[Problem to solve] Repeat the listing below in full and exactly, but without its pictures.

[Records provided]
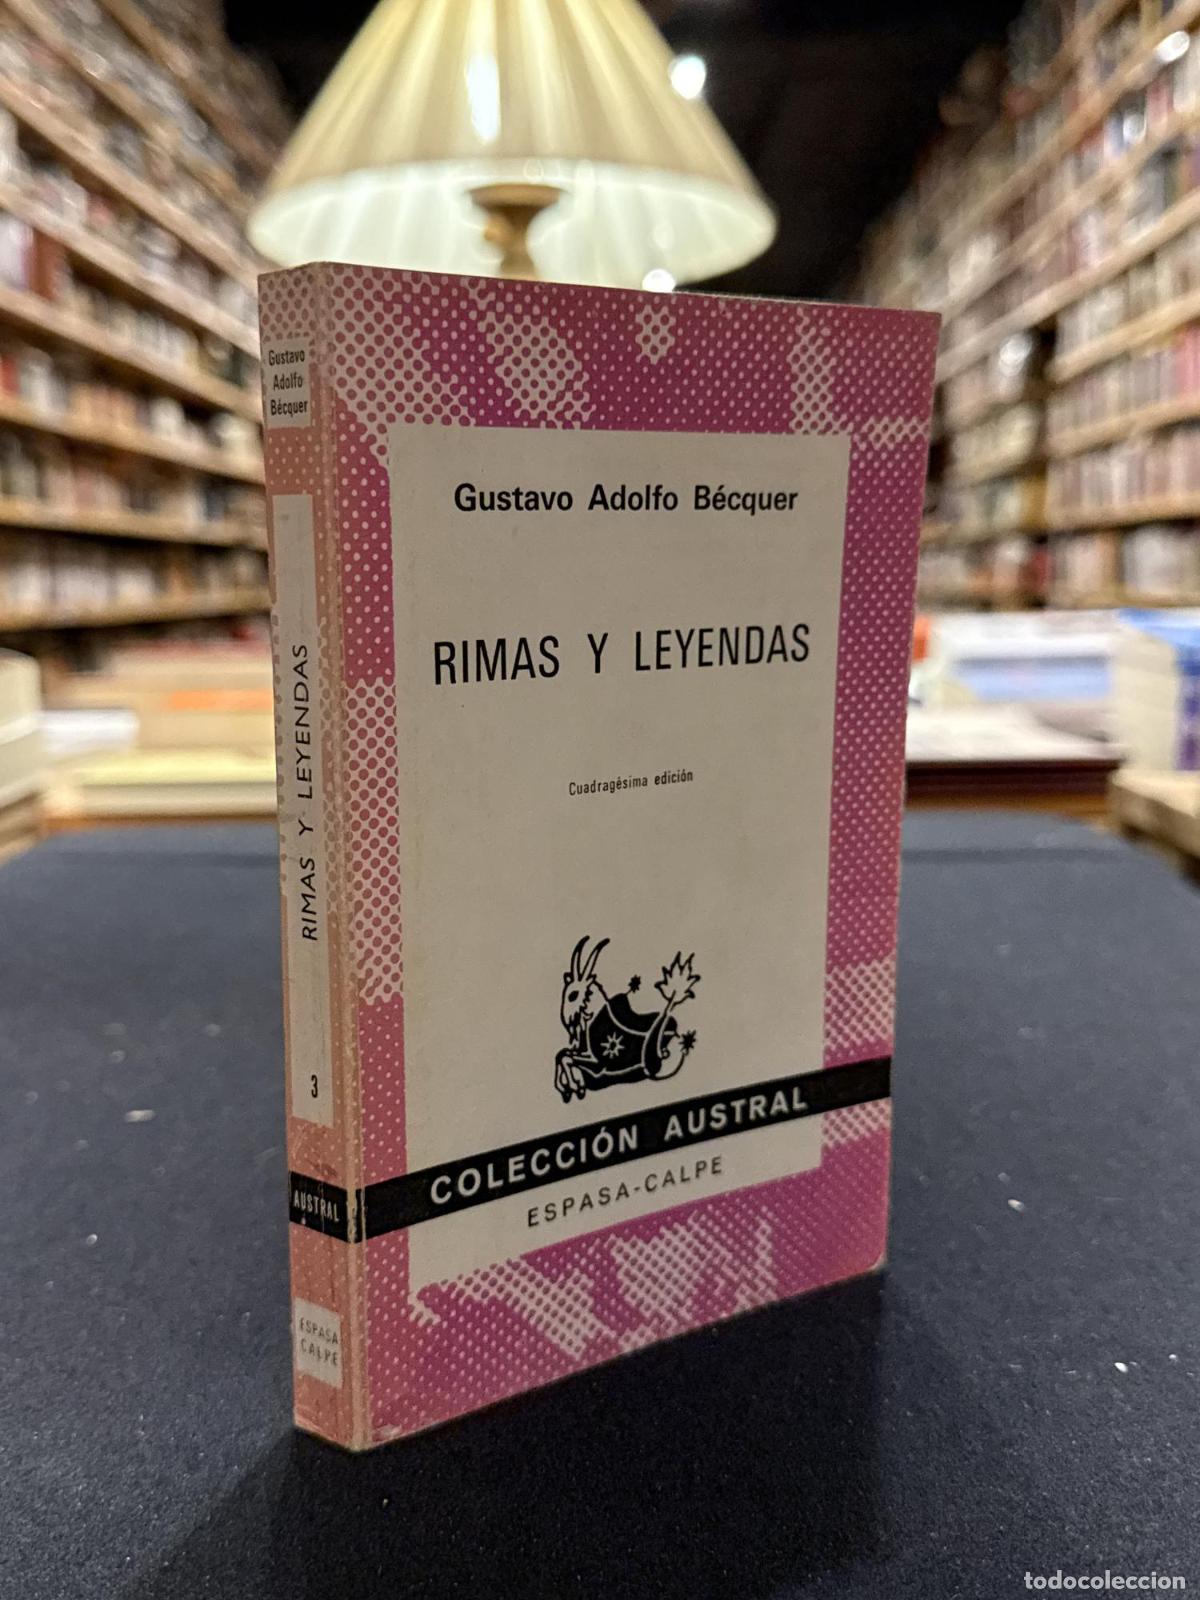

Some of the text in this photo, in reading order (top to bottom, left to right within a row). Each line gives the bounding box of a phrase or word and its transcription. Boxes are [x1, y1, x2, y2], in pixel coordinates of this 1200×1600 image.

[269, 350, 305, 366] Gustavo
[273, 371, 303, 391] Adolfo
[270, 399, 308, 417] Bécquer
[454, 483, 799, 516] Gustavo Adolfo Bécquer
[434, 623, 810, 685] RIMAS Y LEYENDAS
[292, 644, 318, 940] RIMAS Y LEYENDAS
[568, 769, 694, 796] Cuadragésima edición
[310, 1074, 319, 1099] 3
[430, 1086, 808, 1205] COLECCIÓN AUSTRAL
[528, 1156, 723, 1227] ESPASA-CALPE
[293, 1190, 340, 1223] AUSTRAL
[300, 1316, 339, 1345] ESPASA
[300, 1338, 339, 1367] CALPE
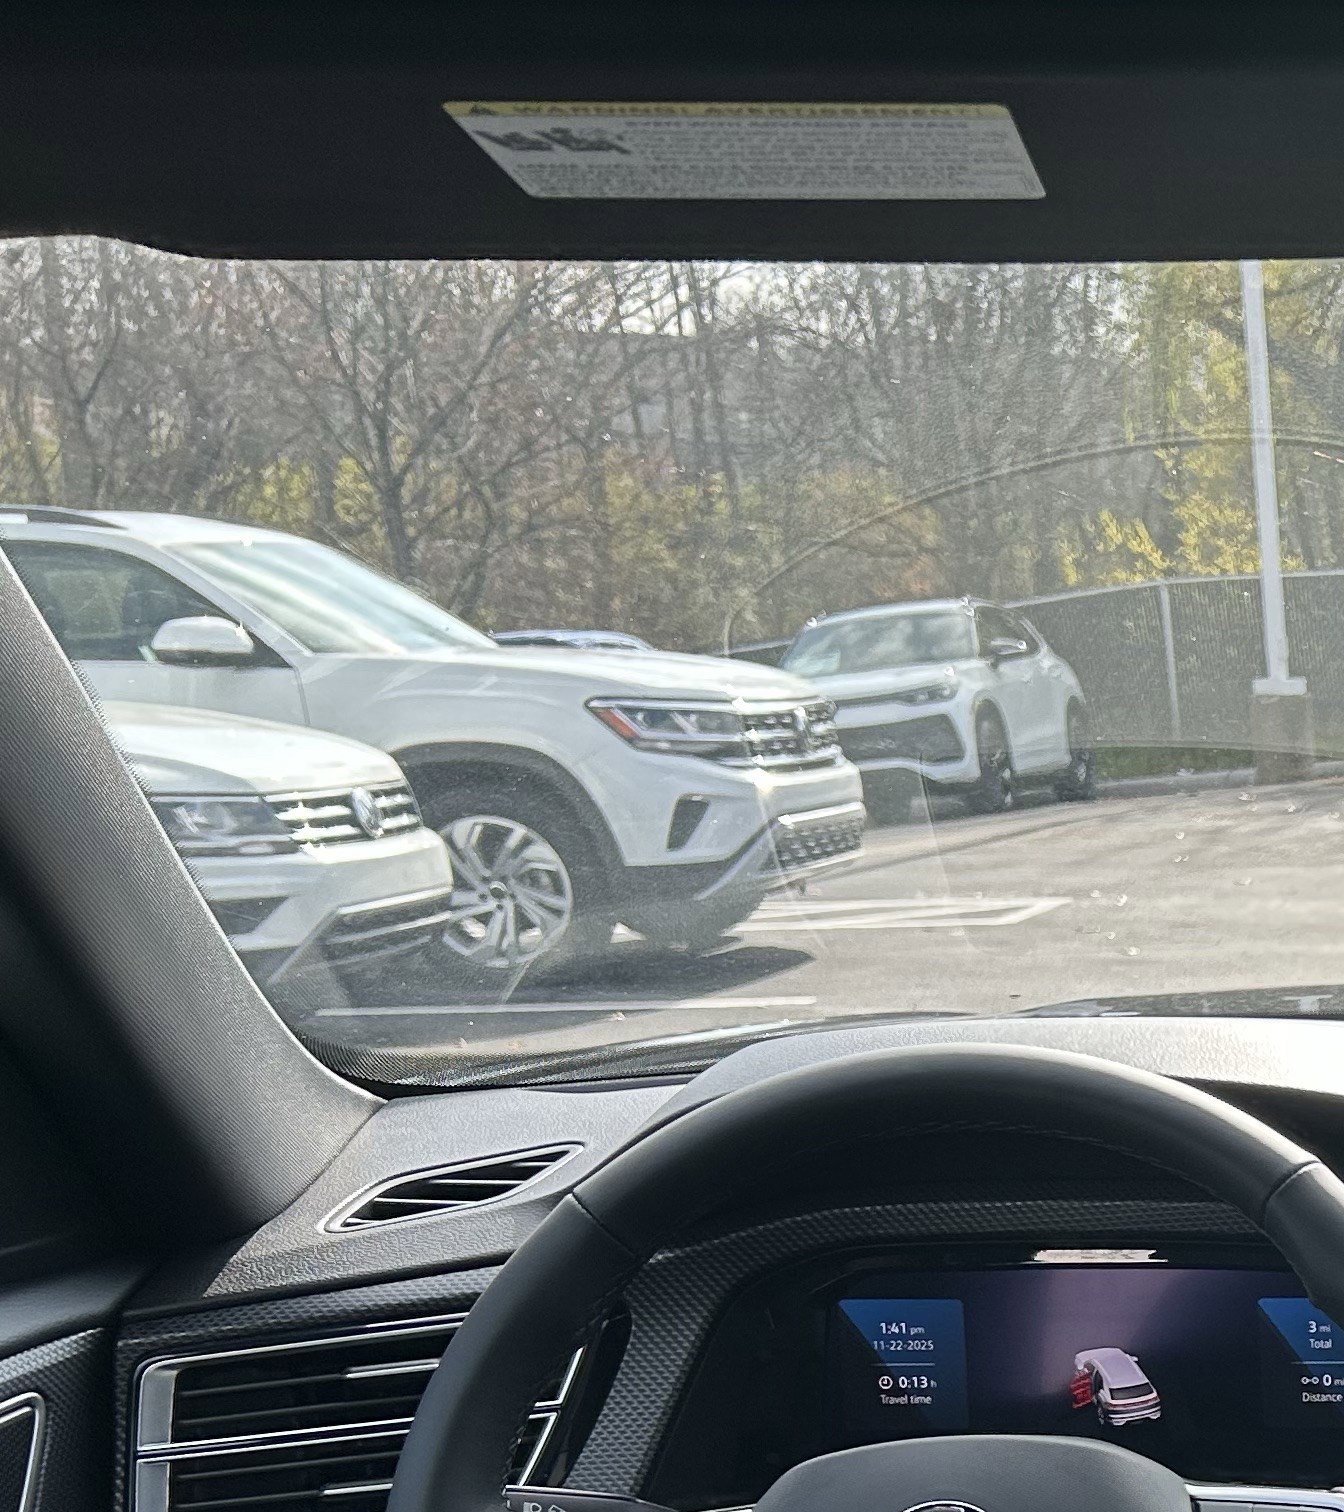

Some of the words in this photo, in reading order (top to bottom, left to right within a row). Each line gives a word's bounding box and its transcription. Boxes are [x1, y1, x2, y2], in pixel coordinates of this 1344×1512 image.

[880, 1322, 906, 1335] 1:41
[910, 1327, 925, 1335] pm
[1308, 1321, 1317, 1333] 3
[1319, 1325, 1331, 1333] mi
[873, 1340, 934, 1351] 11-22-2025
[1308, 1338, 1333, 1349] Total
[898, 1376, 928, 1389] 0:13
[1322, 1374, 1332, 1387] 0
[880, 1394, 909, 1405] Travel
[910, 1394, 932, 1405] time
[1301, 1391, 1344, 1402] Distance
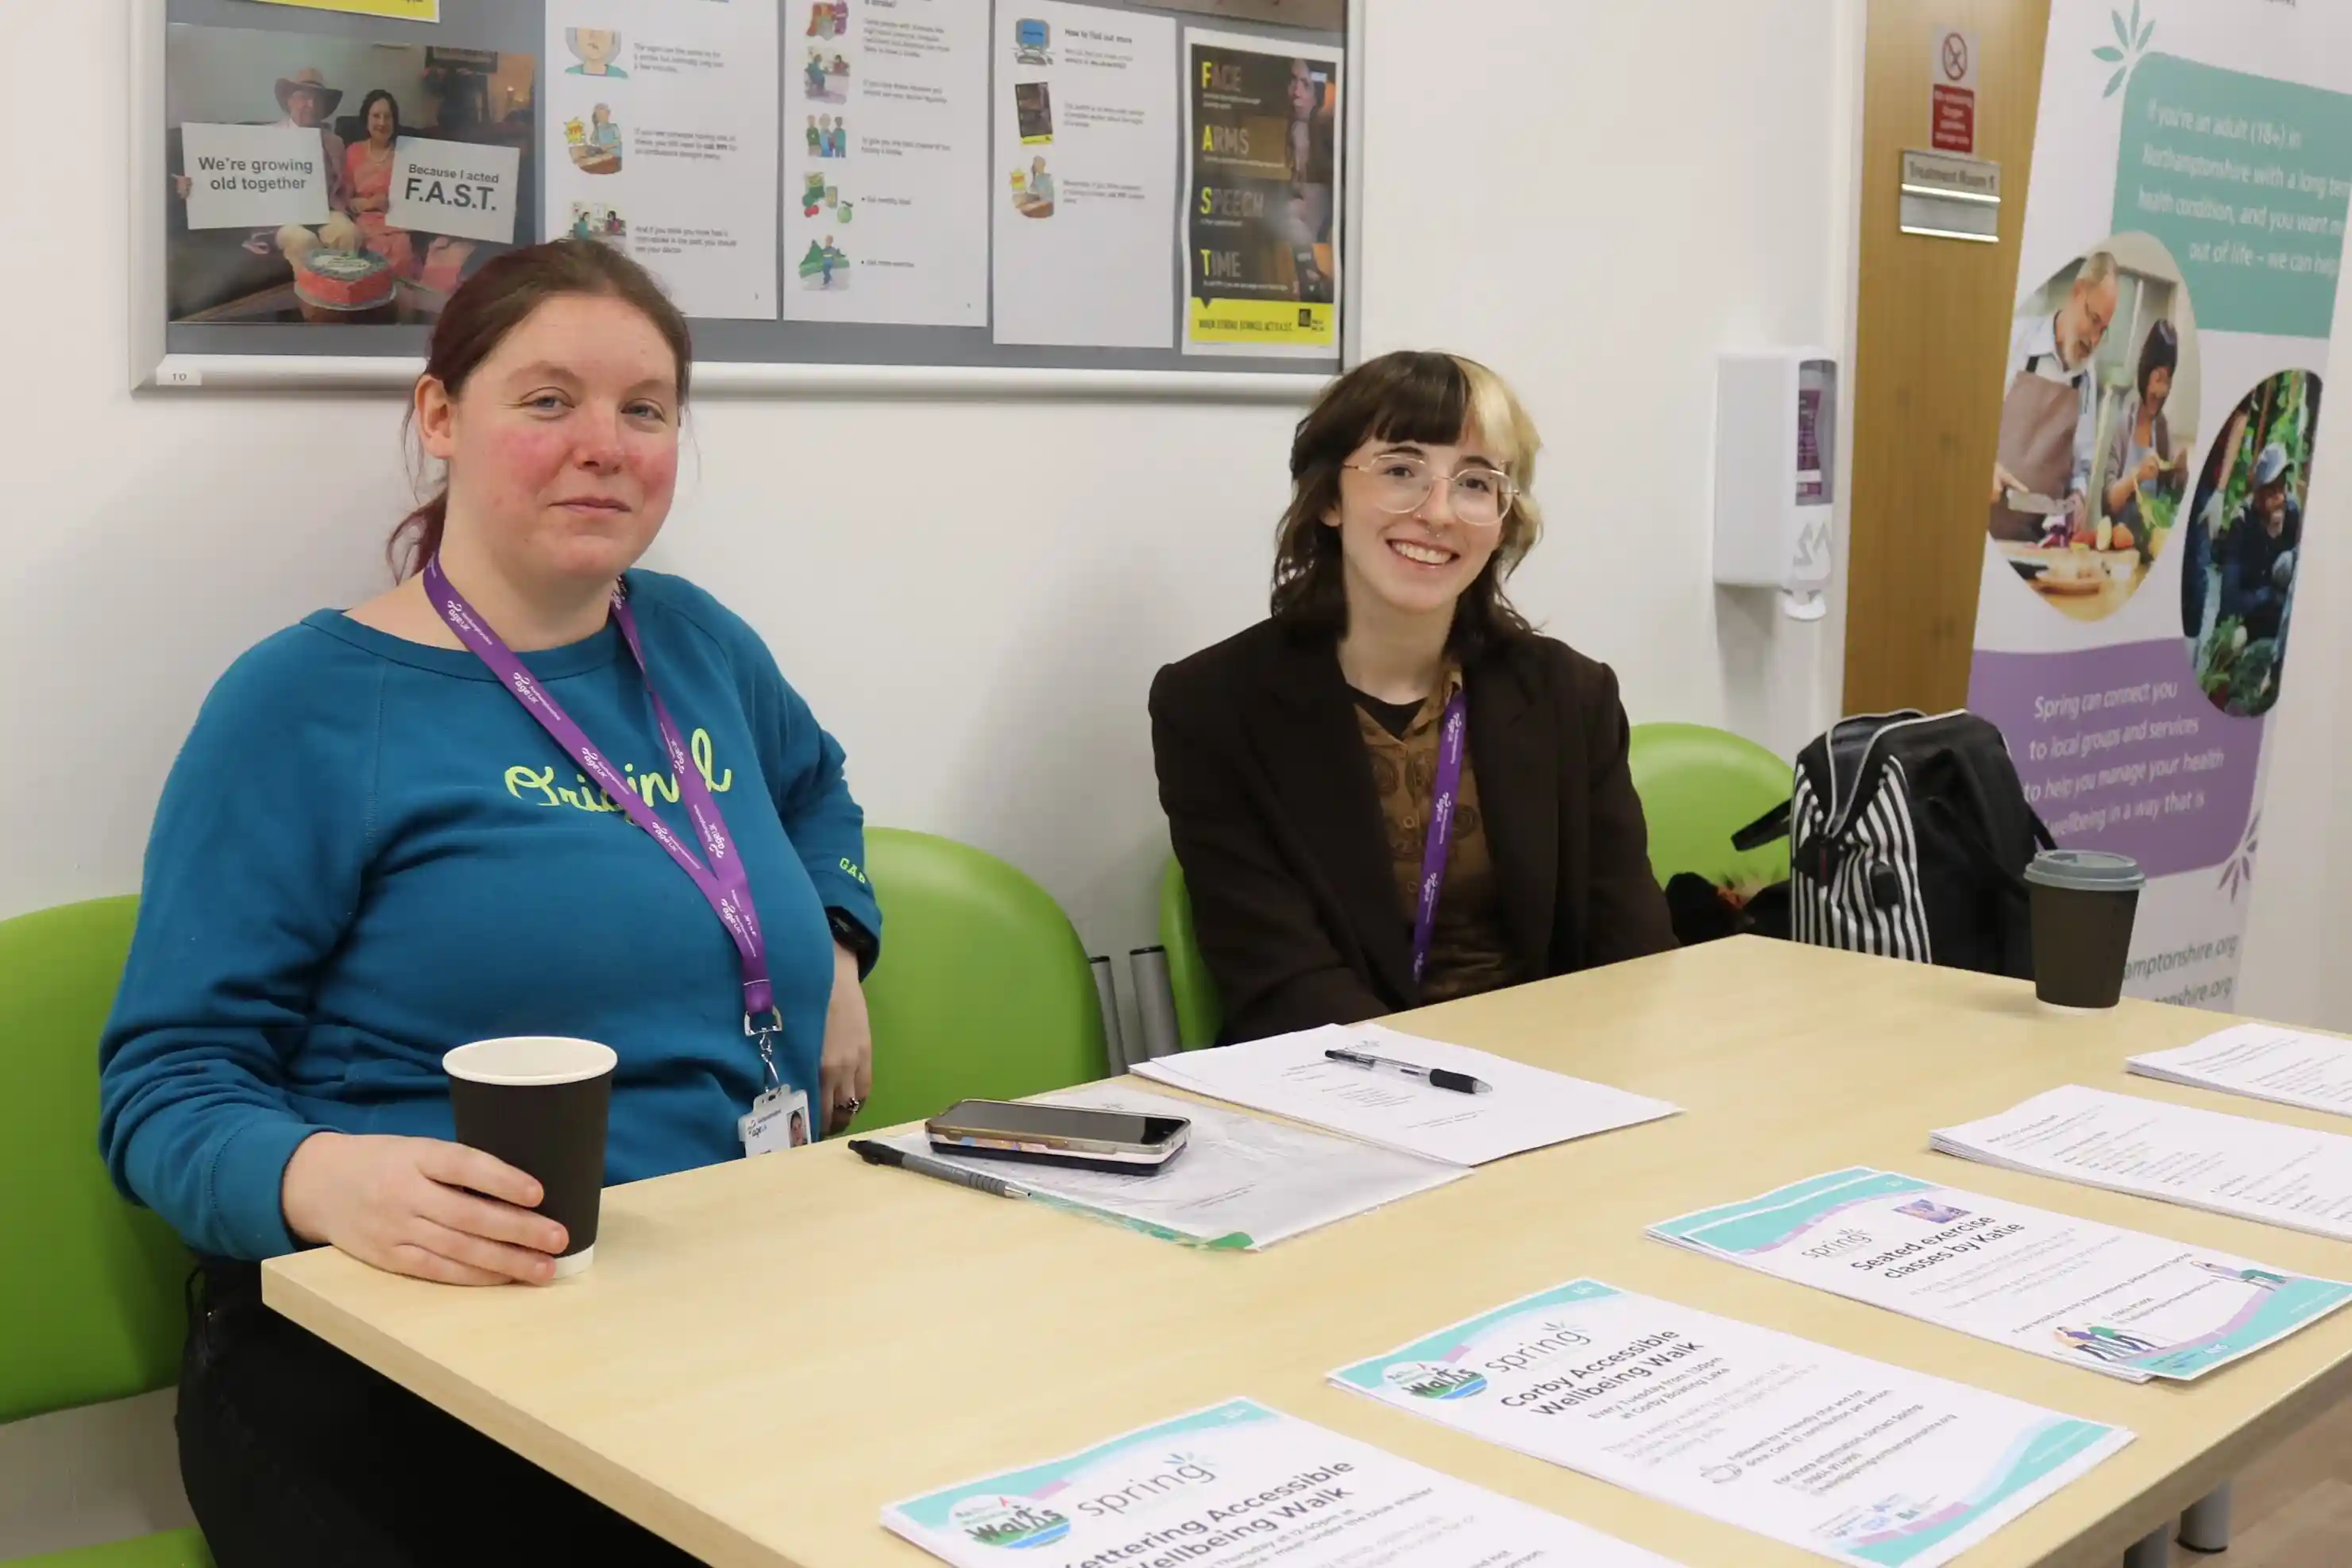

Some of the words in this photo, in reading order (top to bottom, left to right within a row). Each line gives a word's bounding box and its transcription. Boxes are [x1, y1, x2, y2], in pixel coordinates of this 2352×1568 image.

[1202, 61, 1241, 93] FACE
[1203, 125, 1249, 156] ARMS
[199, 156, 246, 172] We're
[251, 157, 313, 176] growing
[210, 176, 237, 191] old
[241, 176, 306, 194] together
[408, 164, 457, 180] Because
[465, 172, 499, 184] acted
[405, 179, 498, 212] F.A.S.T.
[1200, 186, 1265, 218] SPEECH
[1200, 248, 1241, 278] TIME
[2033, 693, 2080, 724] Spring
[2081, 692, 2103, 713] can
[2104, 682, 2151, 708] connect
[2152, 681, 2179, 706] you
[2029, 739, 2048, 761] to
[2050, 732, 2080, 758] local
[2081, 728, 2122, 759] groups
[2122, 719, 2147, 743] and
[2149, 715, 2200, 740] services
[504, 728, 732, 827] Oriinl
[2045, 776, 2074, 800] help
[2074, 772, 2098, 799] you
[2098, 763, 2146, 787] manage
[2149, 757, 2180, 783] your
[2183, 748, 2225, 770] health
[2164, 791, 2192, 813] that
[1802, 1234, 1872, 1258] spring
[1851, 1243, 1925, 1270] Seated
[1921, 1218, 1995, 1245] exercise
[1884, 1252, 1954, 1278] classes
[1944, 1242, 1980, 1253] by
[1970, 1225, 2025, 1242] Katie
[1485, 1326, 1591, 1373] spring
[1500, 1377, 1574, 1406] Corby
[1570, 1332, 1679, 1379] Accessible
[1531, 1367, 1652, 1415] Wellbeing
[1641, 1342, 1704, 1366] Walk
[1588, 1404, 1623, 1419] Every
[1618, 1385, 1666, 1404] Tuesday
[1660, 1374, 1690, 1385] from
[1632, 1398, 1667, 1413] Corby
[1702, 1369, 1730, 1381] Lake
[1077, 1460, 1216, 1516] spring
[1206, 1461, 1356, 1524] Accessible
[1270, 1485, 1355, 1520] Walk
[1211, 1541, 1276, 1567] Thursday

[Task solution]
Some of the text in this photo, in reading order (top to bottom, left to right within a row). Each line gives the bounding box of a phrase or word and its transcription. Boxes are [x1, y1, x2, y2], in pixel coordinates of this 1200×1600 image.

[269, 350, 305, 366] Gustavo
[273, 371, 303, 391] Adolfo
[270, 399, 308, 417] Bécquer
[454, 483, 799, 516] Gustavo Adolfo Bécquer
[434, 623, 810, 685] RIMAS Y LEYENDAS
[292, 644, 318, 940] RIMAS Y LEYENDAS
[568, 769, 694, 796] Cuadragésima edición
[310, 1074, 319, 1099] 3
[430, 1086, 808, 1205] COLECCIÓN AUSTRAL
[528, 1156, 723, 1227] ESPASA-CALPE
[293, 1190, 340, 1223] AUSTRAL
[300, 1316, 339, 1345] ESPASA
[300, 1338, 339, 1367] CALPE

Some of the words in this photo, in reading order (top to bottom, left to right within a row). Each line gives a word's bounding box and its transcription. Boxes are [x1, y1, x2, y2], in pixel coordinates of this 1344×1512 image.

[880, 1322, 906, 1335] 1:41
[910, 1327, 925, 1335] pm
[1308, 1321, 1317, 1333] 3
[1319, 1325, 1331, 1333] mi
[873, 1340, 934, 1351] 11-22-2025
[1308, 1338, 1333, 1349] Total
[898, 1376, 928, 1389] 0:13
[1322, 1374, 1332, 1387] 0
[880, 1394, 909, 1405] Travel
[910, 1394, 932, 1405] time
[1301, 1391, 1344, 1402] Distance

Some of the words in this photo, in reading order (top to bottom, left to right within a row). Each line gives a word's bounding box and its transcription. Boxes are [x1, y1, x2, y2], in pixel coordinates of this 2352×1568 image.

[1202, 61, 1241, 93] FACE
[1203, 125, 1249, 156] ARMS
[199, 156, 246, 172] We're
[251, 157, 313, 176] growing
[210, 176, 237, 191] old
[241, 176, 306, 194] together
[408, 164, 457, 180] Because
[465, 172, 499, 184] acted
[405, 179, 498, 212] F.A.S.T.
[1200, 186, 1265, 218] SPEECH
[1200, 248, 1241, 278] TIME
[2033, 693, 2080, 724] Spring
[2081, 692, 2103, 713] can
[2104, 682, 2151, 708] connect
[2152, 681, 2179, 706] you
[2029, 739, 2048, 761] to
[2050, 732, 2080, 758] local
[2081, 728, 2122, 759] groups
[2122, 719, 2147, 743] and
[2149, 715, 2200, 740] services
[504, 728, 732, 827] Oriinl
[2045, 776, 2074, 800] help
[2074, 772, 2098, 799] you
[2098, 763, 2146, 787] manage
[2149, 757, 2180, 783] your
[2183, 748, 2225, 770] health
[2164, 791, 2192, 813] that
[1802, 1234, 1872, 1258] spring
[1851, 1243, 1925, 1270] Seated
[1921, 1218, 1995, 1245] exercise
[1884, 1252, 1954, 1278] classes
[1944, 1242, 1980, 1253] by
[1970, 1225, 2025, 1242] Katie
[1485, 1326, 1591, 1373] spring
[1500, 1377, 1574, 1406] Corby
[1570, 1332, 1679, 1379] Accessible
[1531, 1367, 1652, 1415] Wellbeing
[1641, 1342, 1704, 1366] Walk
[1588, 1404, 1623, 1419] Every
[1618, 1385, 1666, 1404] Tuesday
[1660, 1374, 1690, 1385] from
[1632, 1398, 1667, 1413] Corby
[1702, 1369, 1730, 1381] Lake
[1077, 1460, 1216, 1516] spring
[1206, 1461, 1356, 1524] Accessible
[1270, 1485, 1355, 1520] Walk
[1211, 1541, 1276, 1567] Thursday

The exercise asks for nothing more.